Given records ::
---

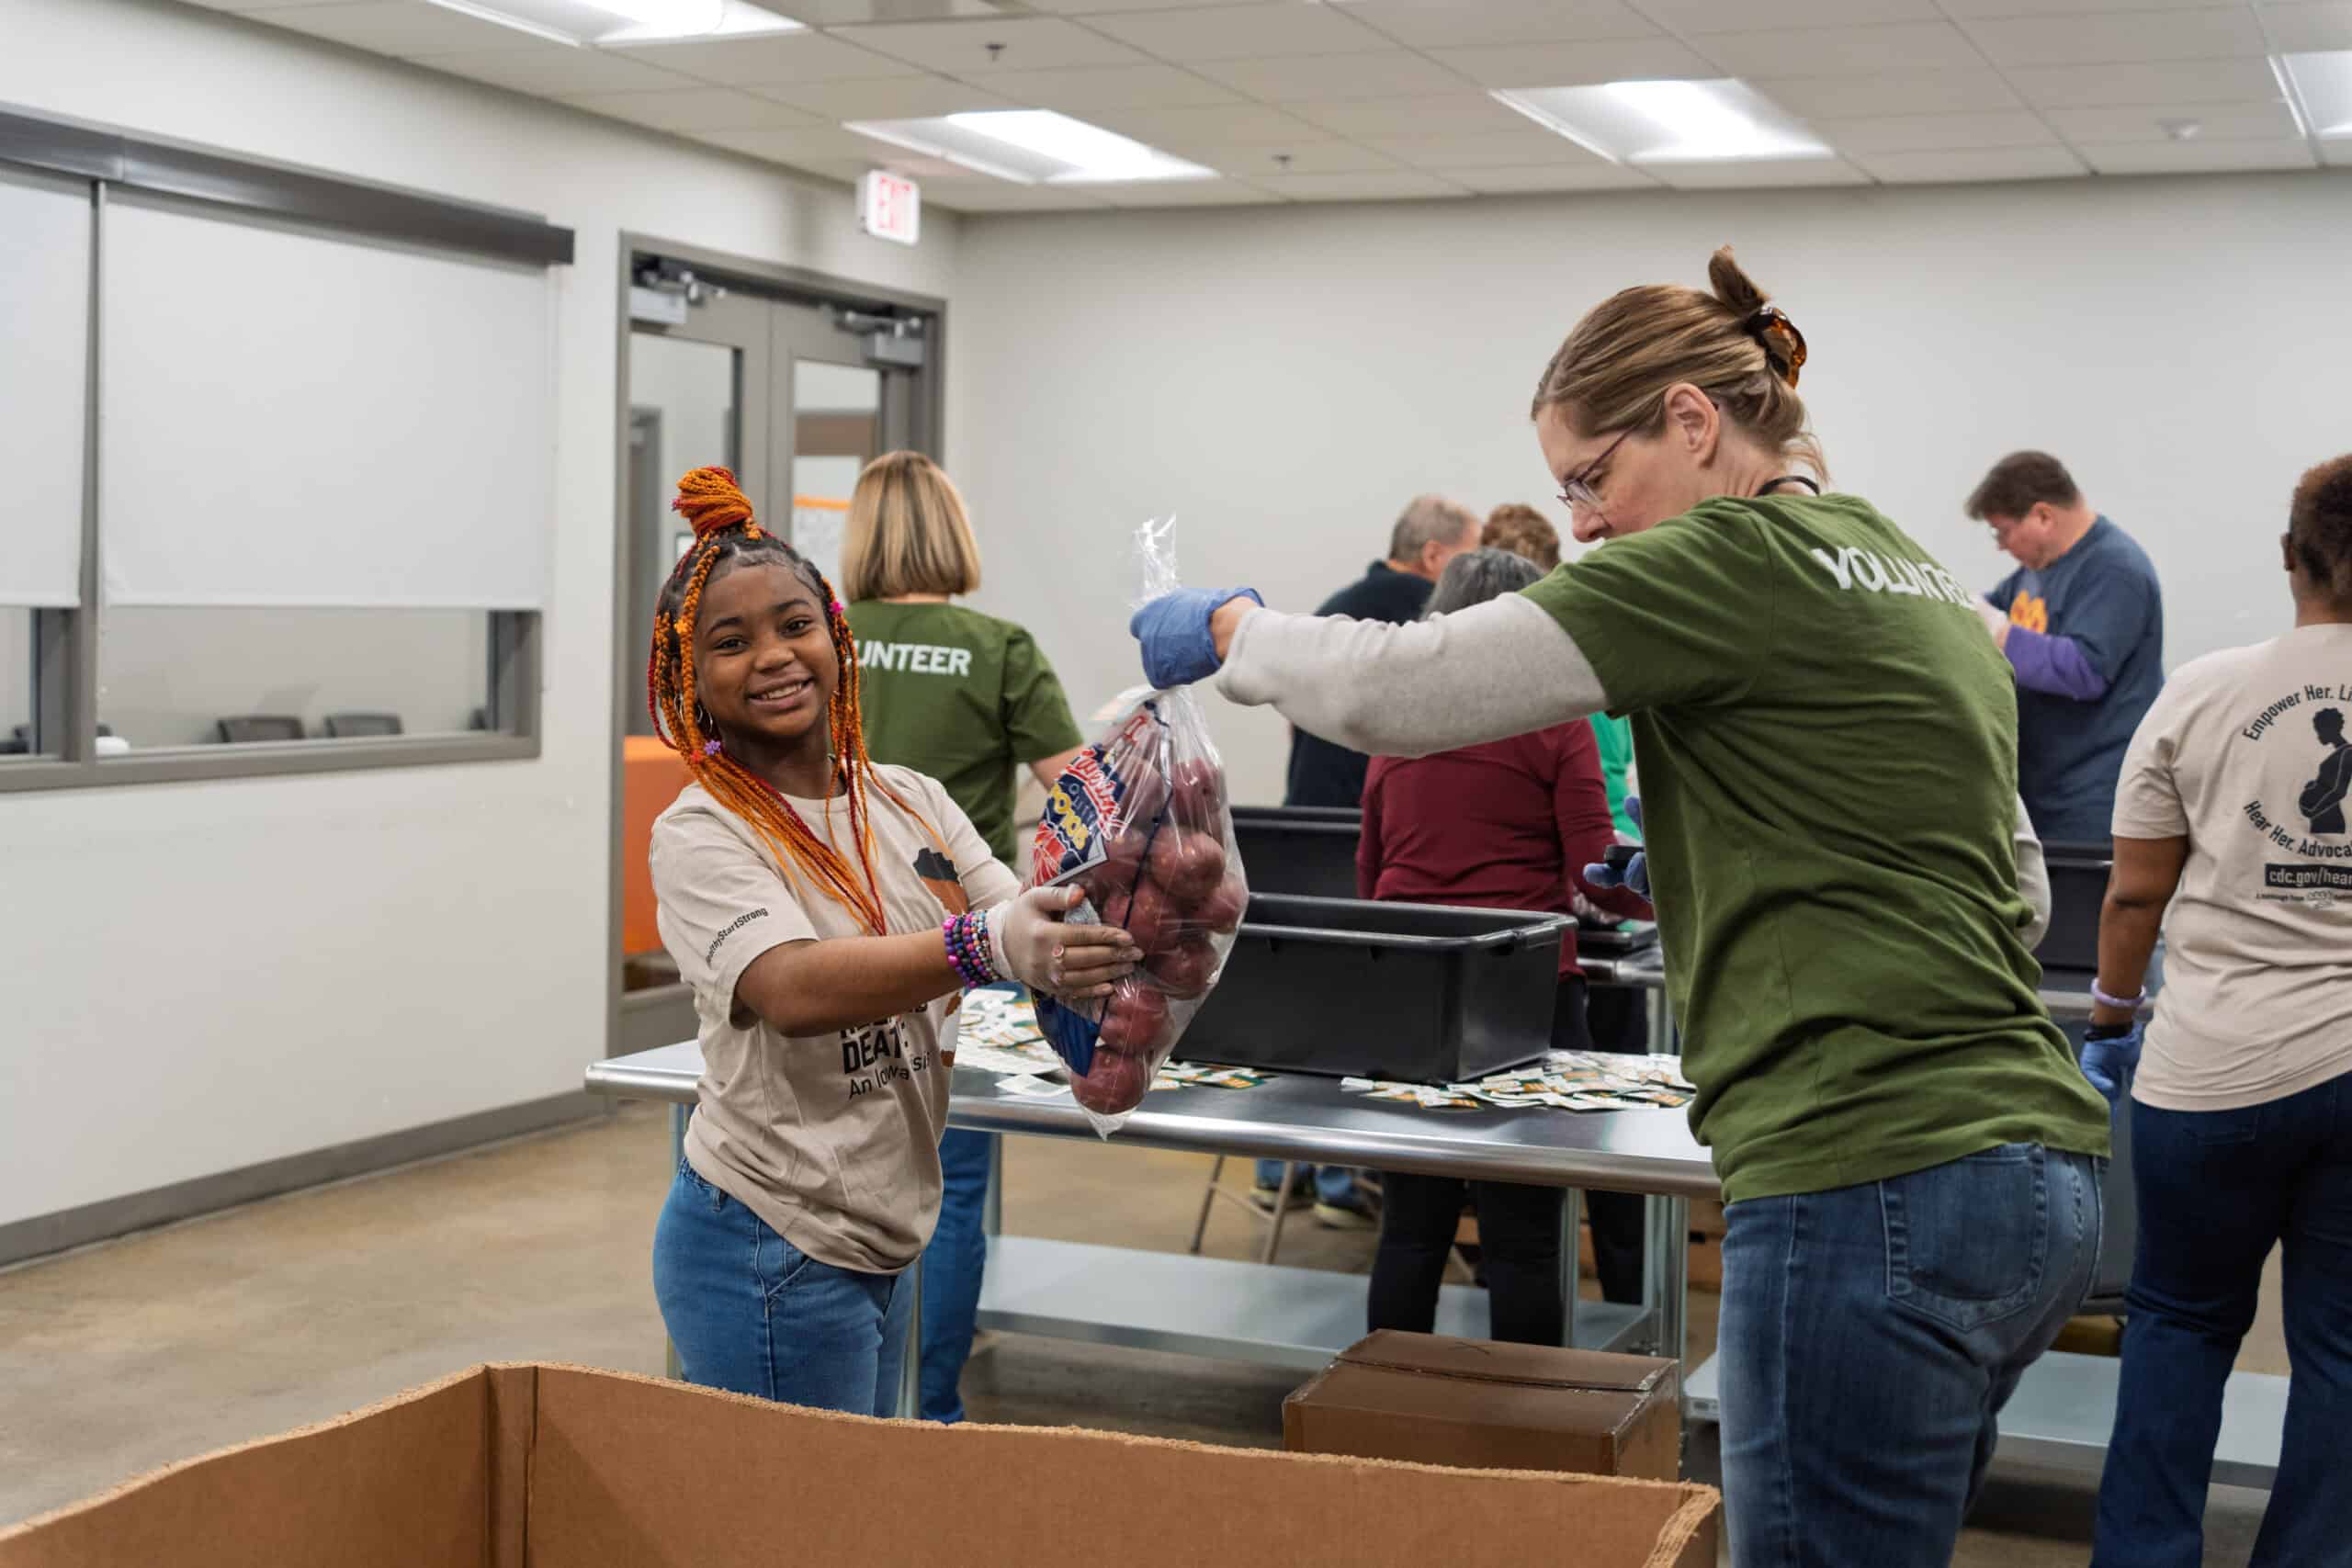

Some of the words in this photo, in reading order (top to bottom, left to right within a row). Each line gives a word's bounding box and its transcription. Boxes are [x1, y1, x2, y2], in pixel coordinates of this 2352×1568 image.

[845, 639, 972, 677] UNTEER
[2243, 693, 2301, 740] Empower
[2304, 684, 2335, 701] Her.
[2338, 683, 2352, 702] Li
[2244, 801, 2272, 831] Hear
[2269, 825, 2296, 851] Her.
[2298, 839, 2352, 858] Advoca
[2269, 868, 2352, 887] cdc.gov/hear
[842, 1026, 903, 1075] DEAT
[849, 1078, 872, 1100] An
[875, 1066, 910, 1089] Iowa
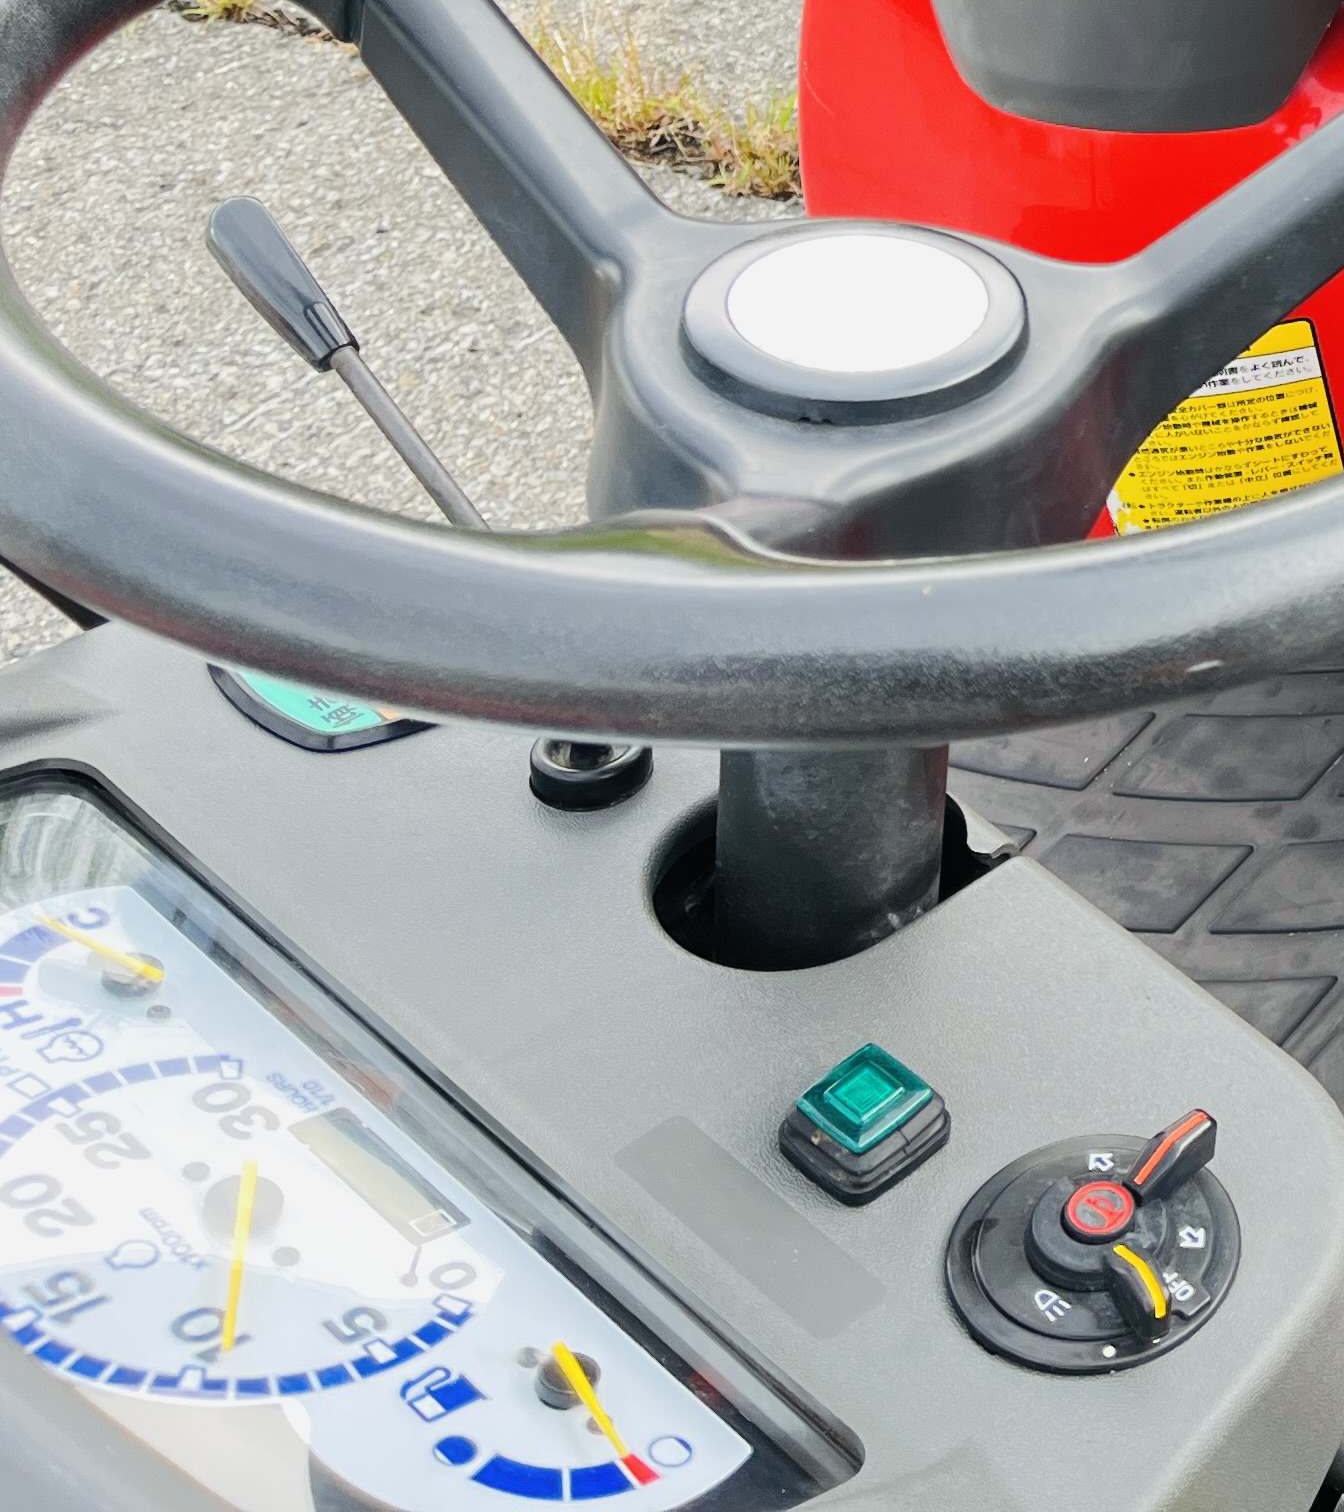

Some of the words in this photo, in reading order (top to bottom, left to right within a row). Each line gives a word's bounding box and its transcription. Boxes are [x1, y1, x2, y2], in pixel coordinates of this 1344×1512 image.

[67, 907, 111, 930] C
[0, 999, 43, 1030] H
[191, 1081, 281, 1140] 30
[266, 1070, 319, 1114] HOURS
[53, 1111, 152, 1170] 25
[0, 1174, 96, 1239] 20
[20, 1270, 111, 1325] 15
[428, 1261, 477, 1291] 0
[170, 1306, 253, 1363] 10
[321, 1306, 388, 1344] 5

---

Output only the lines from the one that contains "this 1344×1512 image." through the last line of the data above, each restated exactly.

Some of the words in this photo, in reading order (top to bottom, left to right within a row). Each line gives a word's bounding box and its transcription. Boxes are [x1, y1, x2, y2], in pixel coordinates of this 1344×1512 image.

[67, 907, 111, 930] C
[0, 999, 43, 1030] H
[191, 1081, 281, 1140] 30
[266, 1070, 319, 1114] HOURS
[53, 1111, 152, 1170] 25
[0, 1174, 96, 1239] 20
[20, 1270, 111, 1325] 15
[428, 1261, 477, 1291] 0
[170, 1306, 253, 1363] 10
[321, 1306, 388, 1344] 5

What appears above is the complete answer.